2. All forms of hepatitis impact the liver, but each type behaves differently

Hepatitis A

This virus is spread through food and water that is contaminated with fecal matter, along with direct or close physical contact.6 Contamination with food can happen during the growing, harvesting, handling, and even after cooking process. People infected with hepatitis A are usually sick for a few weeks to months. It will usually go away on its own.6

If a person has hepatitis A, “we closely monitor their liver function, and most cases don’t require any treatment,” says Tzu-Hao (Howard) Lee, M.D., an assistant professor of hepatology at Baylor College of Medicine.

Hepatitis B

Hepatitis B primarily spreads through infected blood, semen and other bodily fluids.  It can also pass to an infant during pregnancy or delivery. Hepatitis B infections can be short-term with mild symptoms, but some people develop more severe, symptoms and some develop chronic, longer-lasting infections. 5

Hepatitis C

This type of the virus spreads through direct blood-to-blood contact. It’s often passed through sharing contaminated equipment, such as needles and syringes. About half of people who are infected develop a chronic form of hepatitis. 5

Hepatitis D

Hepatitis D is also spread through contact with blood or bodily fluids. The big difference is that hepatitis D occurs only in people who’ve already been infected with the hepatitis B virus.7

Hepatitis E

The hepatitis E virus is uncommon in the United States. It’s mostly spread through eating raw or undercooked pork, venison, wild boar meat or shellfish. In less developed countries, it often spreads through drinking water contaminated with fecal matter.8

3. Vaccination and prevention are your best defenses

You can lower your risk of developing hepatitis a few different ways: 9

  • Get vaccines to protect yourself from both hepatitis A and B
  • Never share personal items like toothbrushes or razors with other people, along with medical needles and equipment that hasn’t been sterilized
  • Wash your hands frequently9
  • If you are sexually active, use condoms

The hepatitis A vaccine is given to children ages 12 months to 18 years and high-risk adults.10 High-risk adults are international travelers, men who have sex with men, intravenous drug users, people experiencing homelessness and those who are exposed to hepatitis risk on the job (such as hospital workers).11

The hepatitis B vaccine is suggested for everyone younger than 60 and for older adults who are at risk of catching a hepatitis virus.10 (Vaccination against hepatitis B also protects you against hepatitis D, if you’ve never had hepatitis B.)

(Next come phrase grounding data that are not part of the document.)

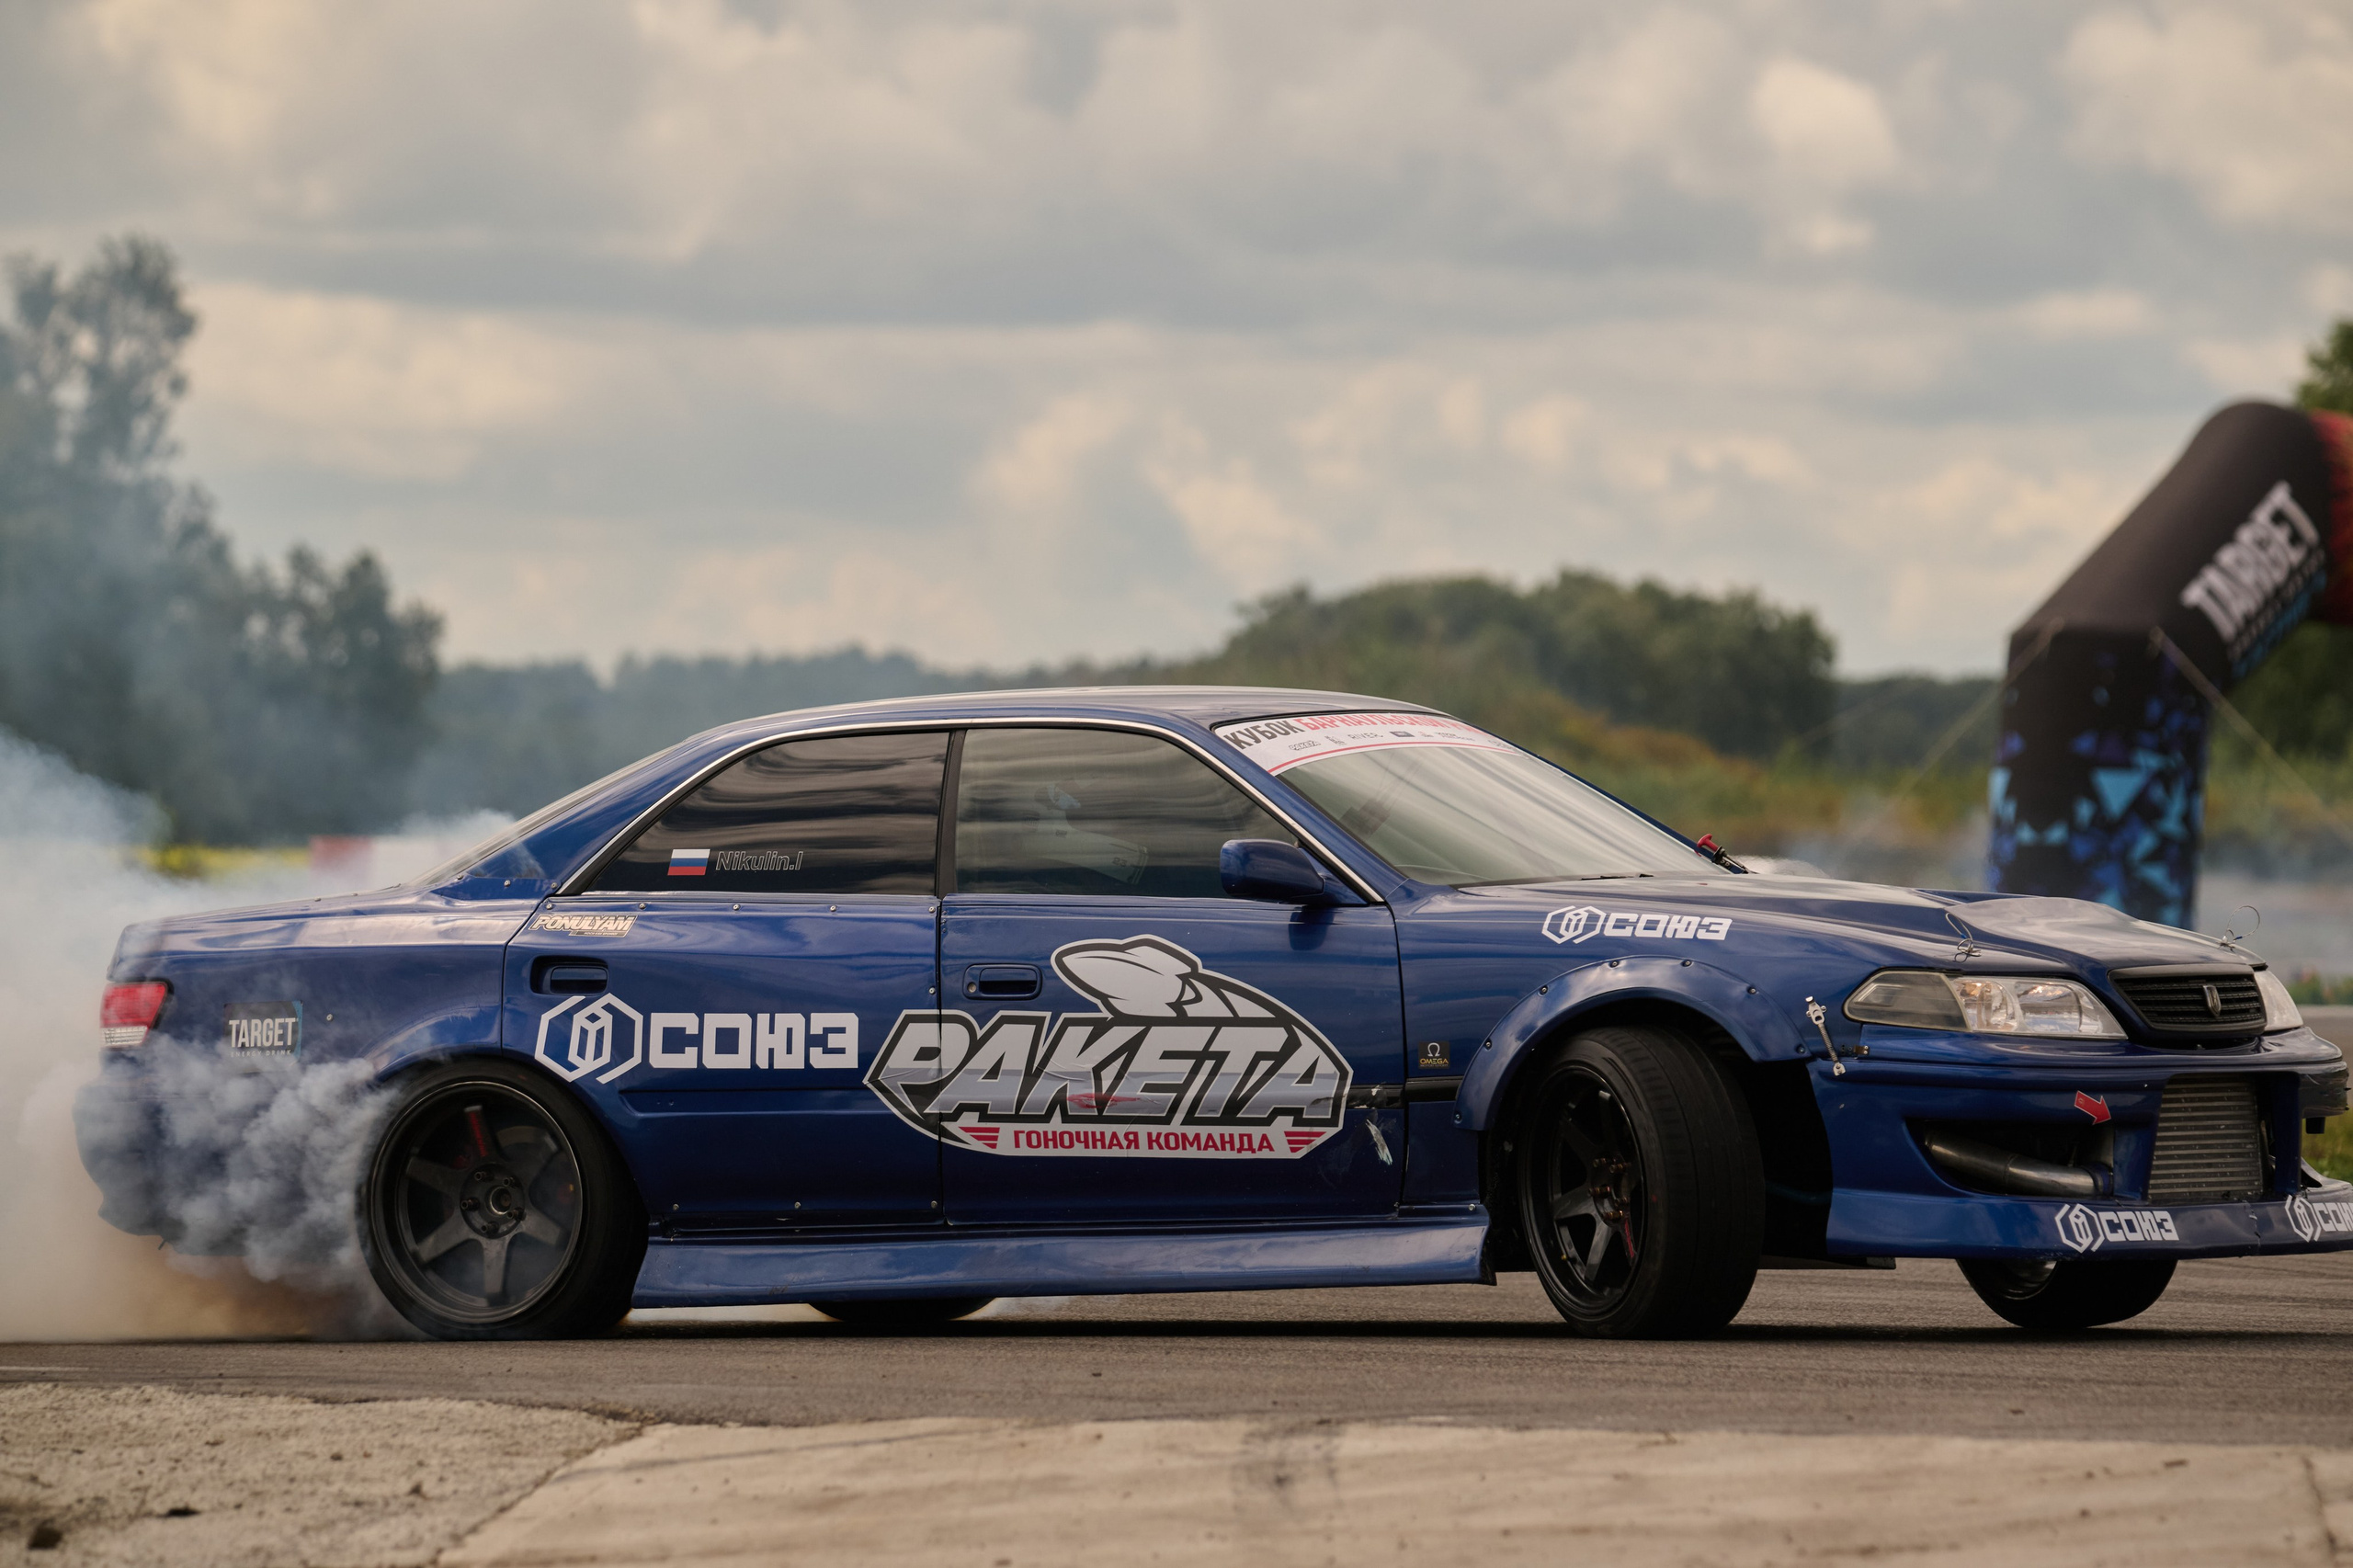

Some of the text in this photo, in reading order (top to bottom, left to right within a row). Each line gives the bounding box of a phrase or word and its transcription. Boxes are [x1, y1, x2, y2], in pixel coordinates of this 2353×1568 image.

[2179, 479, 2321, 642] TARGET
[1222, 720, 1306, 750] КУБОК
[530, 915, 637, 932] PONULYAM
[1603, 912, 1733, 941] СОЮЗ
[228, 1017, 296, 1048] TARGET
[649, 1012, 859, 1069] СОЮЗ
[876, 1011, 1345, 1123] РАКЕТА
[1013, 1130, 1275, 1154] ГОНОЧНАЯ КОМАНДА
[2097, 1210, 2179, 1242] СОЮЗ

Talk with your doctor about which vaccines are safe and recommended for you.

4. Chronic hepatitis B can be controlled but not cured

If you develop chronic hepatitis B, your doctor may prescribe an antiviral medication.12

“Most patients need lifelong therapy,” Dr. Lee says. “But once they start, these medications are very good at suppressing the virus.”

5. Hepatitis C can be completely cured

There is no vaccine available to protect against hepatitis C. But unlike hepatitis B, it can be cured. 13 “We don’t get to use the word ‘cure’ a lot in medicine, but we do with hepatitis C due to the advancements in direct-acting antiviral therapy,” says Rachel Melson, D.N.P., a nurse and advisory committee member for the National Viral Hepatitis Roundtable. 

If you contract the virus, your doctor will prescribe a combination of different antiviral medications. Unlike decades ago, today’s treatments last only 8 to 12 weeks.14 They also have very few side effects; some people experience none at all. “With treatment, people can totally get rid of the hepatitis C virus from the body,” Dr. Lee says. 

6. Viruses aren’t the only thing that causes hepatitis

Although viral hepatitis is by far the most common form, there are other ways you can develop the condition.15

  • Alcoholic hepatitis: This is caused by heavy alcohol use.
  • Toxic hepatitis: Exposure to certain chemicals, poisons, medicines and supplements can lead to this type of hepatitis.
  • Autoimmune hepatitis: When your immune system attacks your liver, autoimmune hepatitis can occur.

Knowing some key facts about hepatitis can help you protect yourself. And ask your doctor about getting vaccinated. As with many illnesses, it may be an easy way to get an extra level of defense.